A Sleep Aid Review…After 4 Hours Of Sleep

I am currently running on about 4 hours of sleep.

And this is a review of the Slumberland Snacks Sleep Squares.

So get ready.

I received a sample of these sleep squares in my June Conscious Box. I wrote about my Conscious Box experience in a post you can find here.

Reading some reviews, apparently people swear by these things. I don’t have a sleep disorder, so I have never really taken sleep aids or anything like that, prescription or otherwise. I’m a pretty light sleeper, so I wake up (and then stay awake) pretty easily. I took an anti-anxiety pill for a bit last year, but the anxiety was due to my Crohn’s, which was not diagnosed until a bit later. And when I’m stressed, it can take a toll on my sleep patterns. But nothing as bad as last night…

So these sleep squares are said to be “deliciously simple treats that help you get a better night’s rest.” The sample I received contained two squares, and since they are supposedly very healthy (100% natural, sugar and gluten free, etc.) they actually have an expiration date. Mine were due to expire in 2 weeks, and since I have to work and go to school the next 4 days, I figured last night would be good a time as any to test them out. Be prepared, get a good night’s sleep to tackle these next few days.

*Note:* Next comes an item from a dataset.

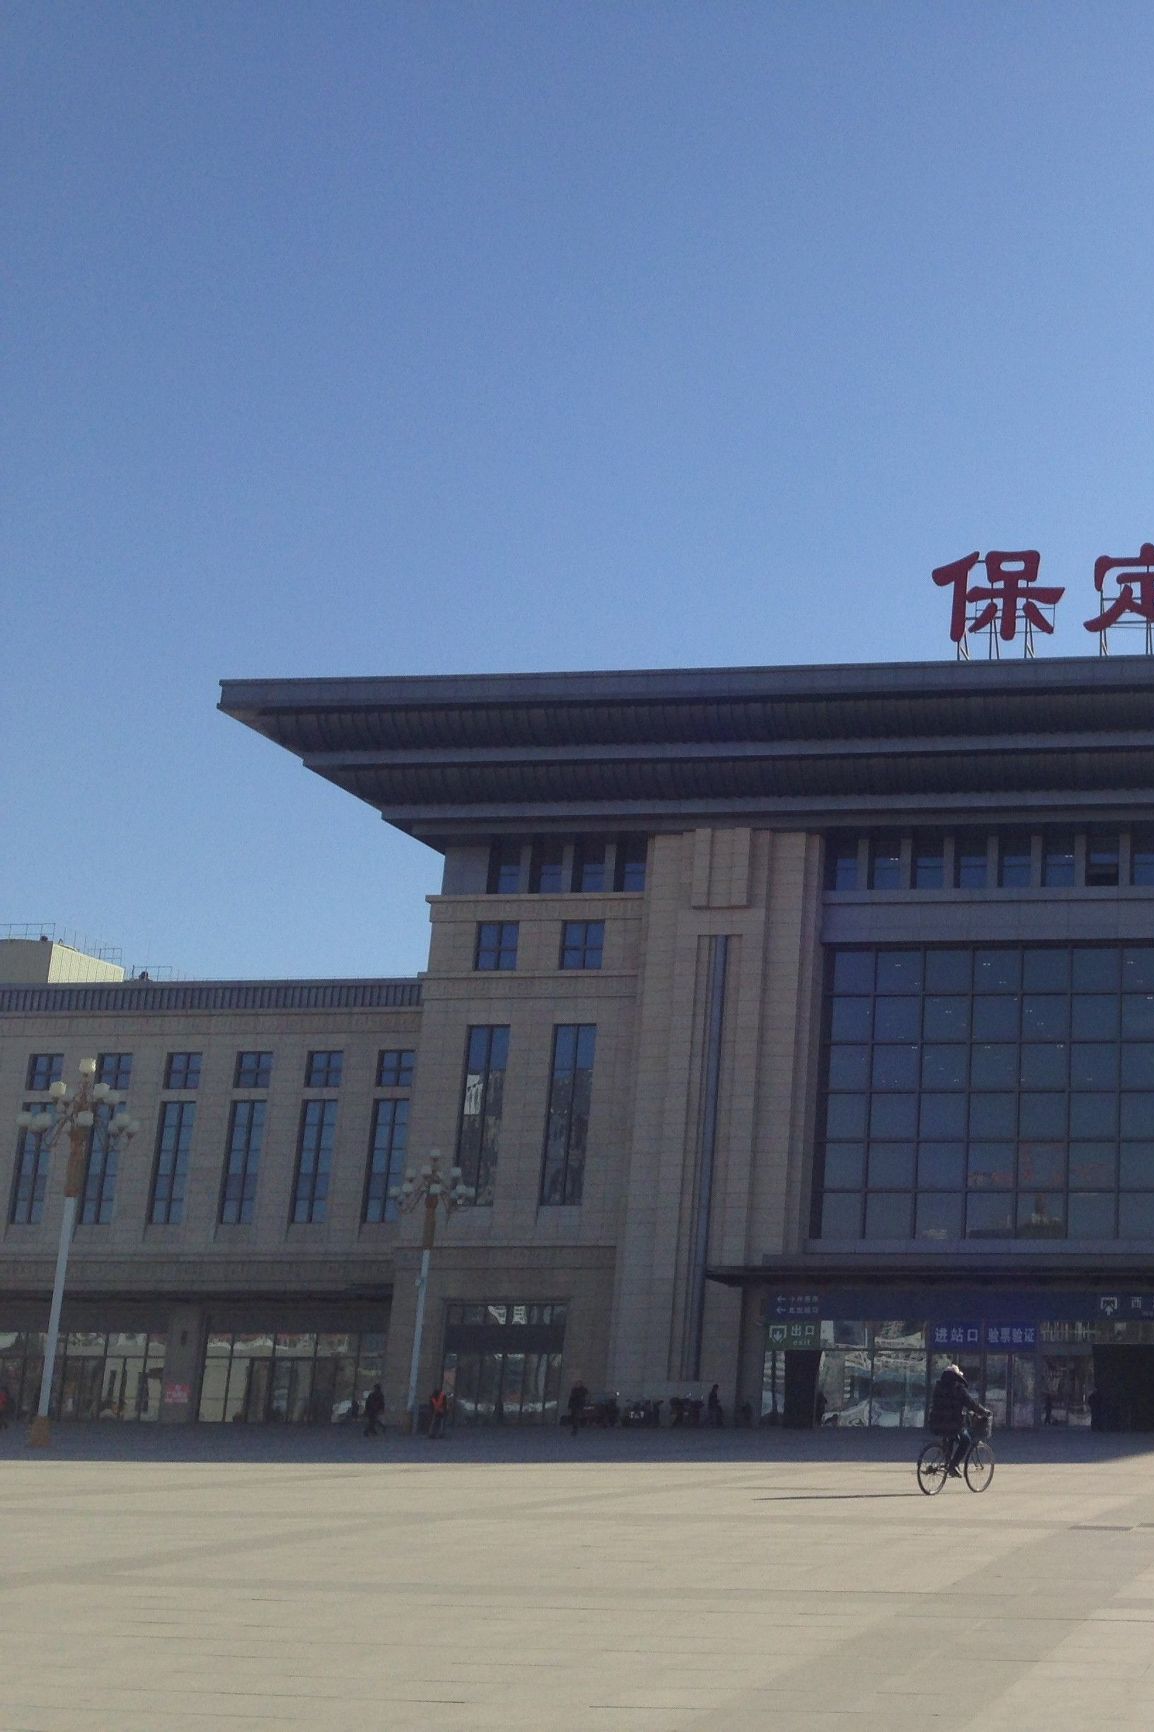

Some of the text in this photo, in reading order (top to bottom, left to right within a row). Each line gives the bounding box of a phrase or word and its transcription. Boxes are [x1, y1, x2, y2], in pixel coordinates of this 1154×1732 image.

[791, 1324, 815, 1336] 出口
[935, 1327, 1035, 1343] 进站口 验票验证

Right?

The directions suggest taking the sleep square(s) about 30 minutes before you plan to fall asleep, so I took one at 12 midnight. It didn’t taste bad (they come in many flavors, but mine were just plain chocolate) and I made sure to chew completely before swallowing, as was directed.

After about 30 minutes, I had been dozing on and off, but when I would come back to consciousness, it felt as though my heart was racing. I had that really anxious feeling like when you’re nervous or feel like you’re forgetting something. Or when you doze in public and realize it only after you jolt awake in an embarrassing way. Why was I feeling like this?

I did my homework.

I didn’t have to be up early.

I hadn’t eaten in over 4 hours.

I hadn’t had any tiffs with friends or anyone, causing me to stress.

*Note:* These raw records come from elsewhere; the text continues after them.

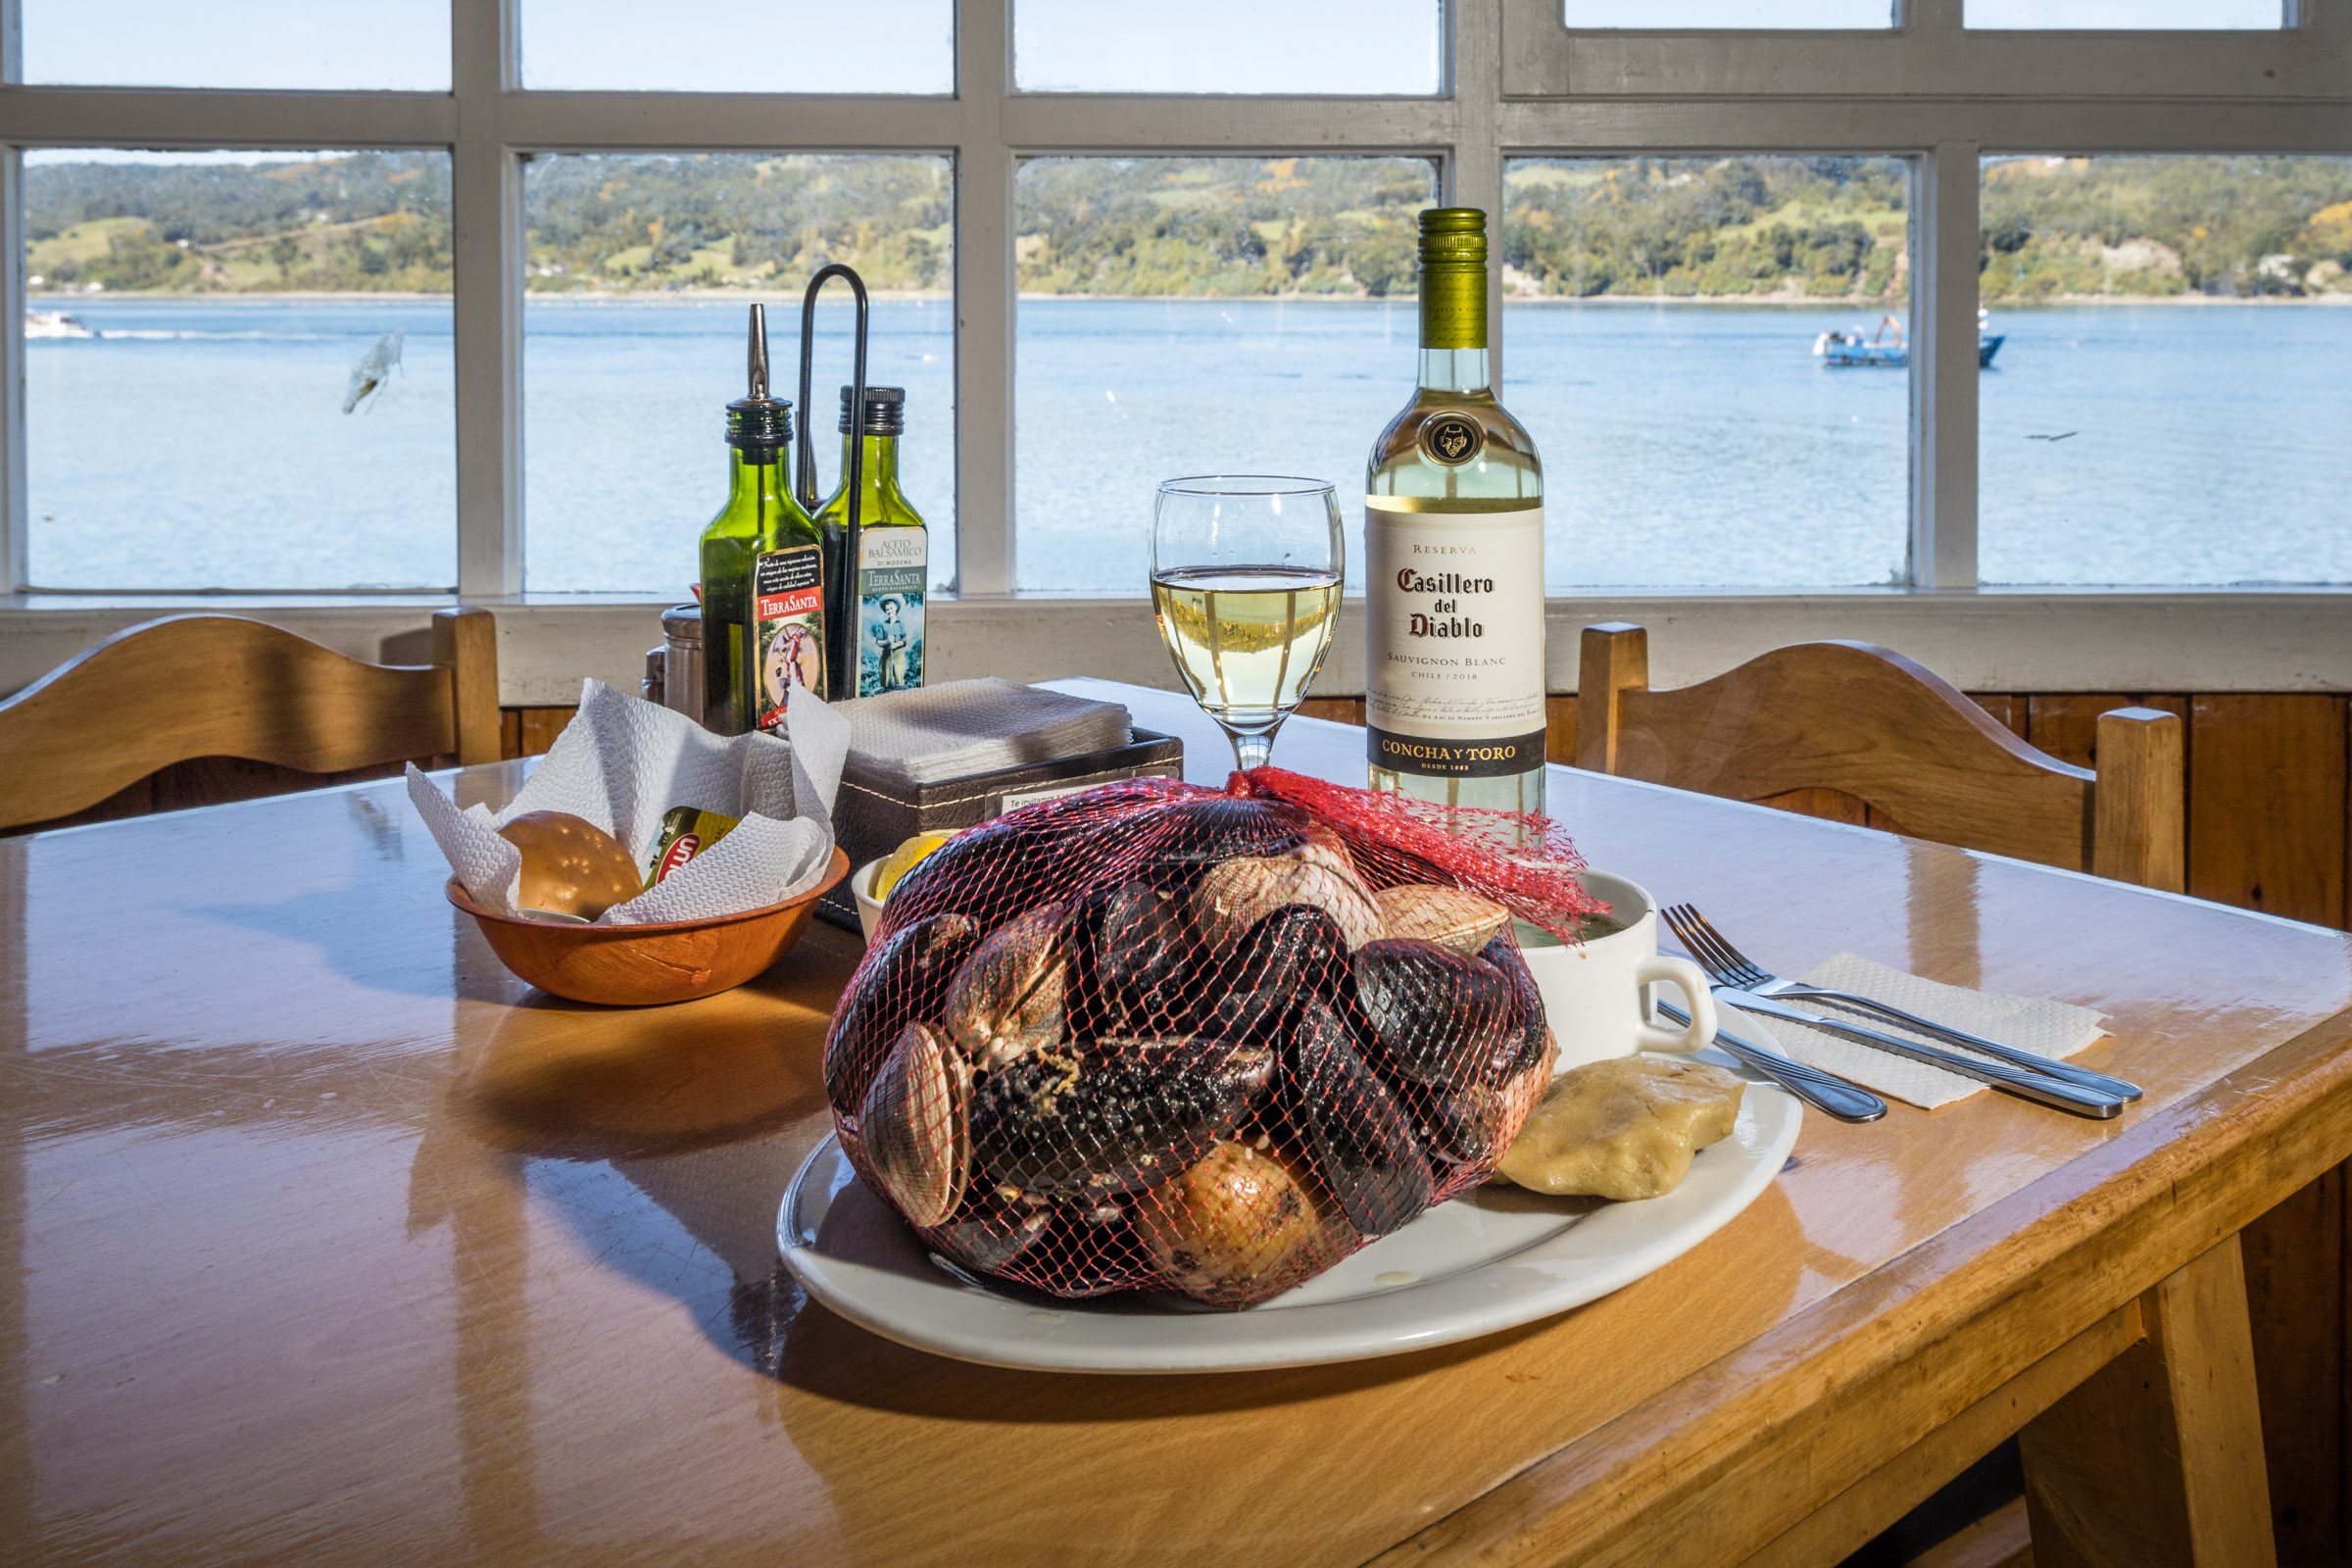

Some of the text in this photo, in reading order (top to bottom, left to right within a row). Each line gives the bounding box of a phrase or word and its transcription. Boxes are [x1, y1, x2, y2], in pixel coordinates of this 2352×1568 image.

[882, 539, 911, 550] ACETO
[1412, 544, 1477, 555] RESERVA
[868, 547, 923, 559] BALSAMICO
[1396, 567, 1495, 594] Casillero
[1434, 599, 1458, 614] del
[1409, 612, 1485, 639] Diablo
[1388, 652, 1506, 667] SAUVIGNON BLANC
[1411, 671, 1443, 680] CHILE
[1382, 739, 1516, 760] CONCHA Y TORO

Heck, I had even done some extra independent studying of Statistics AND worked out at the gym!

What gives?!

So around 12:45, I took the second square, drank some water, and climbed back into bed. This second one would do the trick, it had to. I just needed that extra push.

I read the box, making sure that these squares were actually to help you sleep and not give you energy. It does mention that you should discontinue use if you have feelings of anxiety and insomnia (check and check), along with a heap load of other negative reactions.

And then, around 5:30 a.m., having been awake the entire night, I got out of bed and jumped around my room to try to release a bunch of the pent up energy, ate a banana, and noted that the sun was starting to come up. Wonderful.

I climbed back into bed (by now I had already had a few meltdowns…”everyone else is asleep, what is wrong with me?!”), read for a bit, and around 6 a.m., I was finally able to kick that anxious, super-awake feeling enough to catch some zzzs. And then I woke up at 9:30 and laid there until my alarm went off at 10.

I’m sure this is how I’ll look coming home after work tonight. Needless to say, I personally do not recommend these things.